Edith shook her head. “It’s no joke. Those guards downstairs had rifles on their shoulders. He’s arming the hods. I’m sure you can see the problem some of the ringdoms would have with that.”
“Why did Marat call you a Wakeman? A Wakeman is a guard, isn’t it?”
“Sort of,” she murmured in distraction. At last she found a seam in the curtain and parted the drapery a little. “If the point is to keep us from leaving, why not just lock the cage. That’s what it’s for! What’s the point of leaving us with a choice?”

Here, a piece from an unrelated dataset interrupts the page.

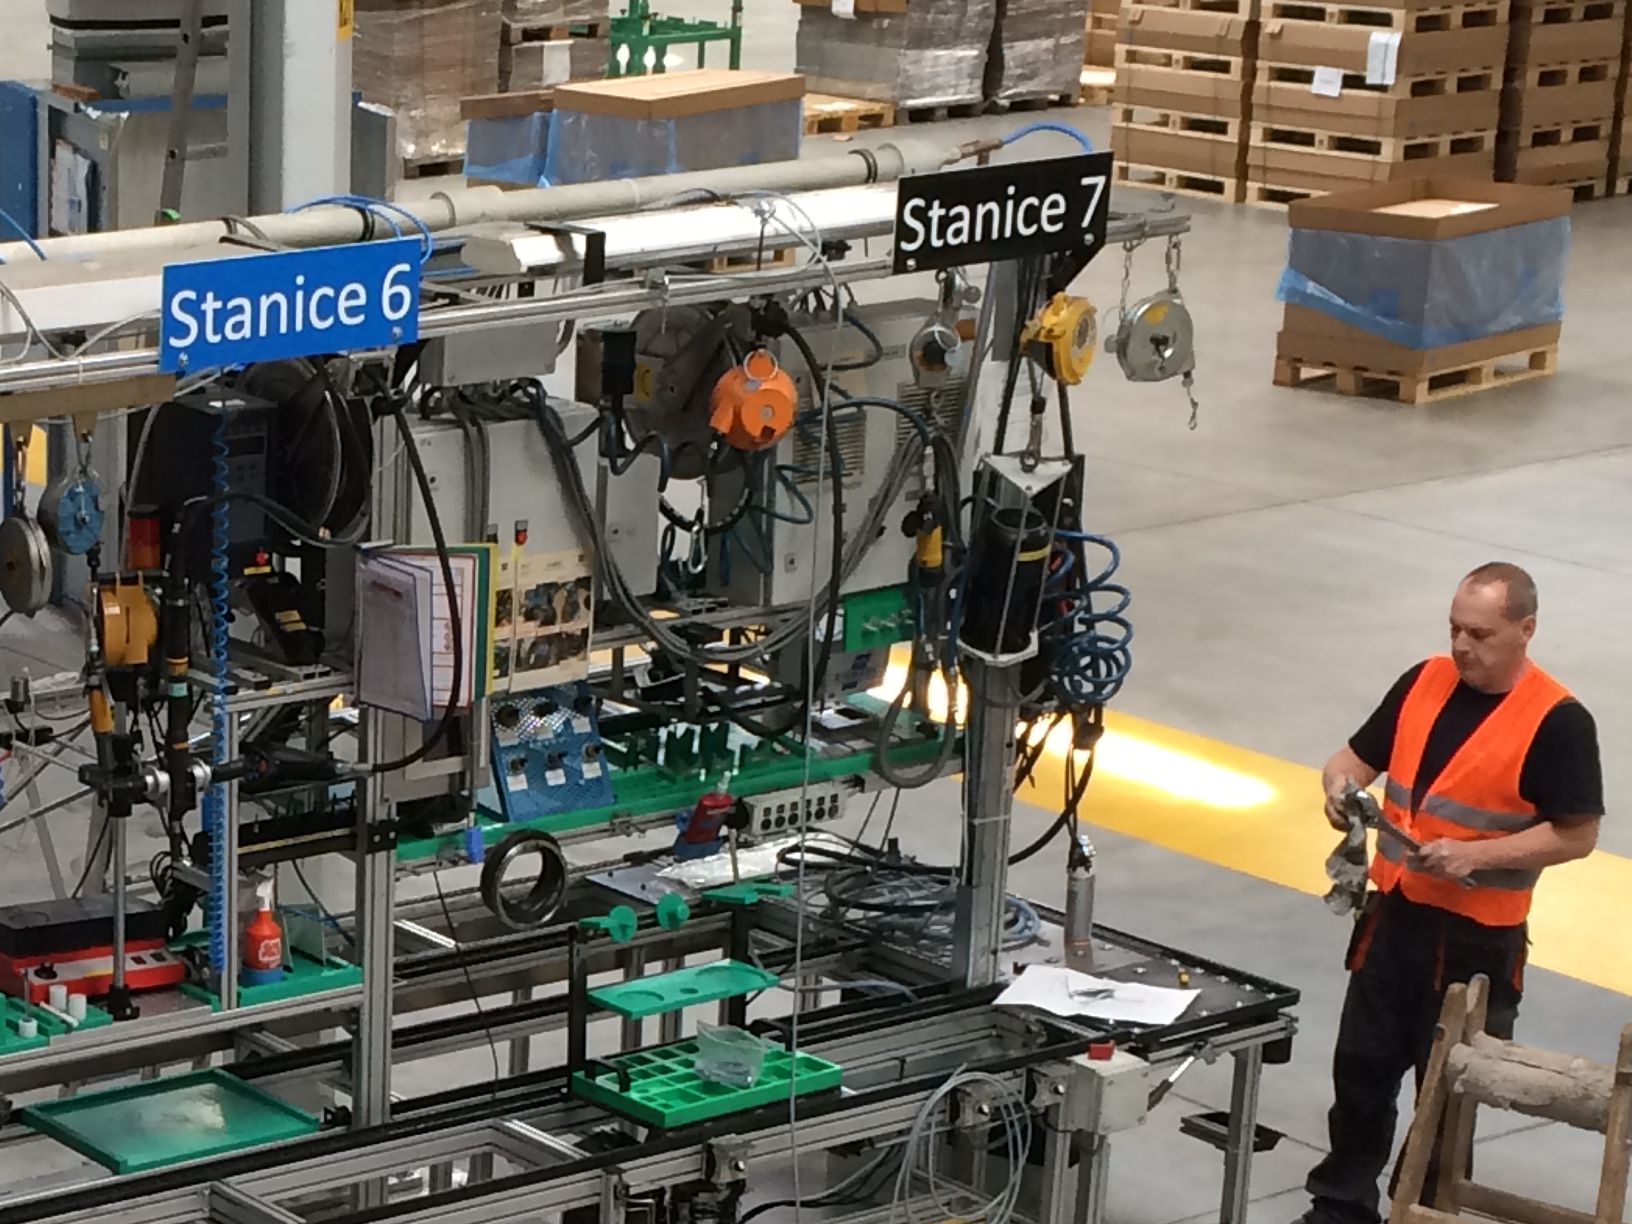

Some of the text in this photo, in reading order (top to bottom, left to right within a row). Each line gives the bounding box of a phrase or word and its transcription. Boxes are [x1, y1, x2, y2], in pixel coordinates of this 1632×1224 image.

[900, 175, 1107, 252] Stanice 7
[168, 262, 412, 348] Stanice 6
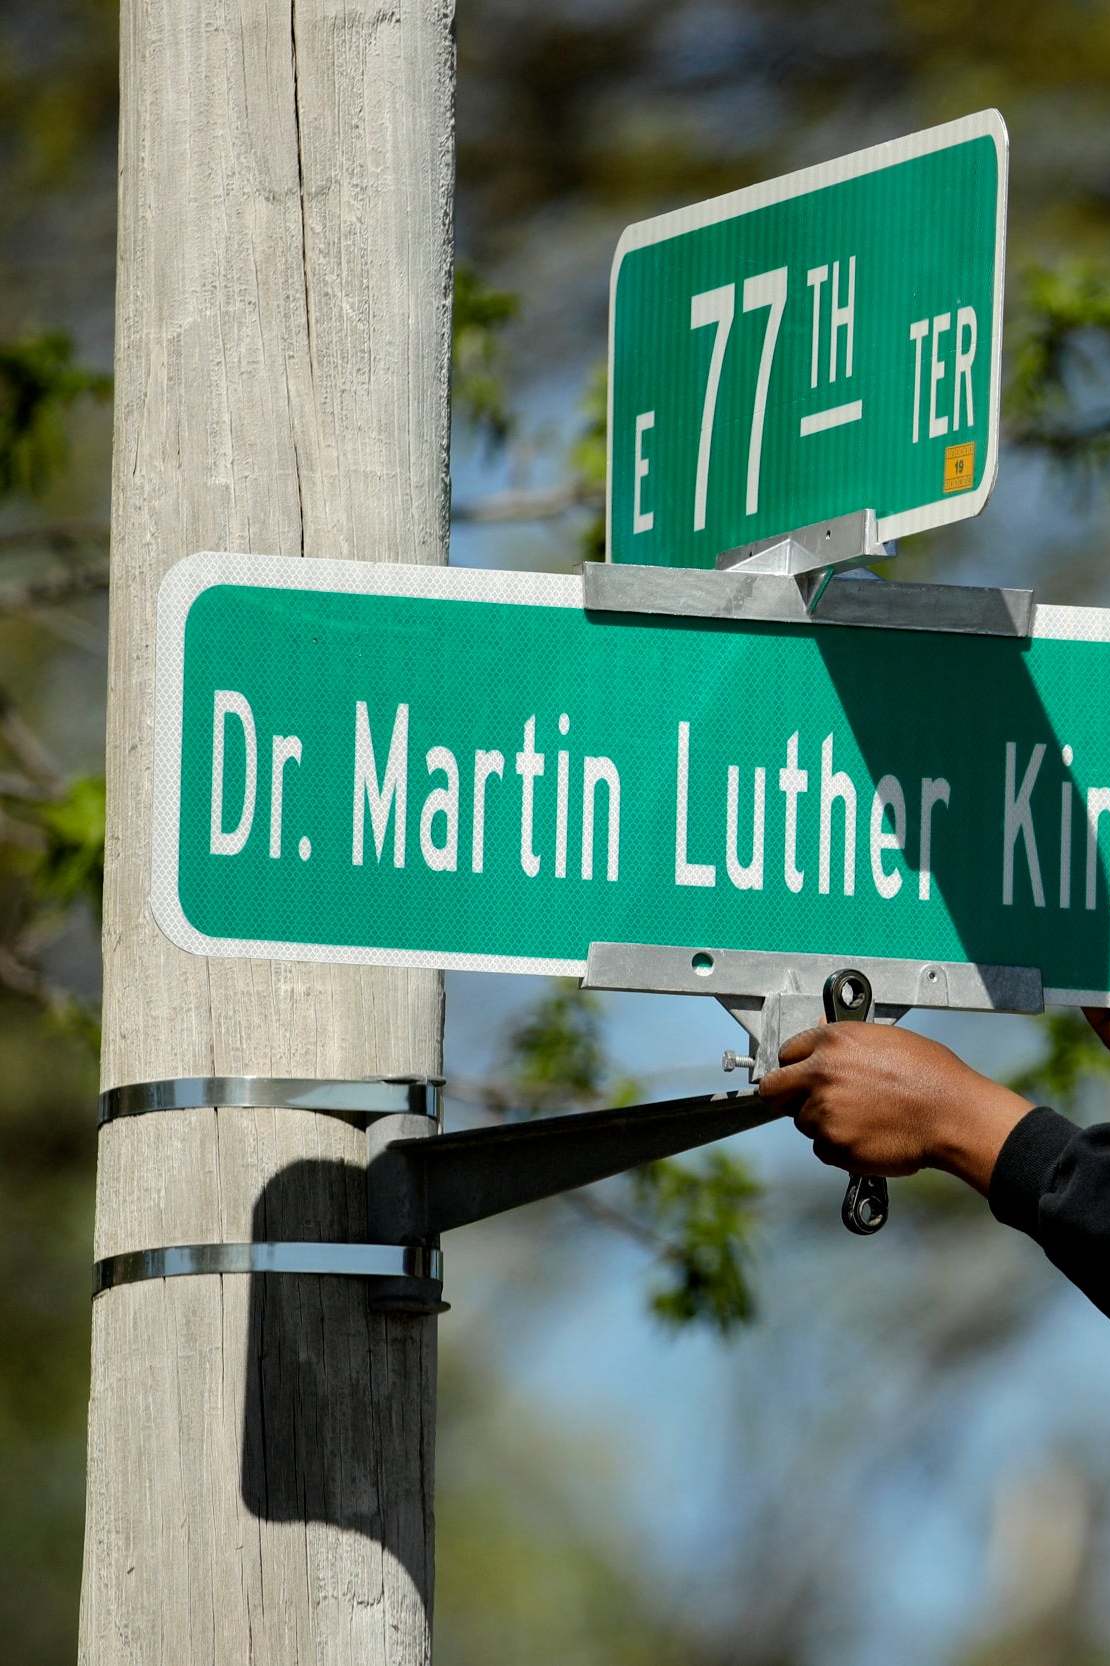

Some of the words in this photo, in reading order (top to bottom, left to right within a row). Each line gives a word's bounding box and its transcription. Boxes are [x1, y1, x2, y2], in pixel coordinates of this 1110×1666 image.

“Because we are uncertain, and he knows it. If we chose to walk out that door, they might stop us, put us in shackles, and post guards outside. And then we’d be well and truly imprisoned,” Senlin said. “But with the door open, they permit us at least the illusion of freedom. And it’s quite difficult to escape an illusion. They think we will prefer imaginary freedom to certain imprisonment.”
She peered through the gap in the curtain. “But if we don’t have any choice but to stay, then it’s already a prison,” she said.
“Not until we try to leave.”
“And around we go.” She craned about to get a better view of the adjoining room, then stopped and frowned. “Tom, look at this.”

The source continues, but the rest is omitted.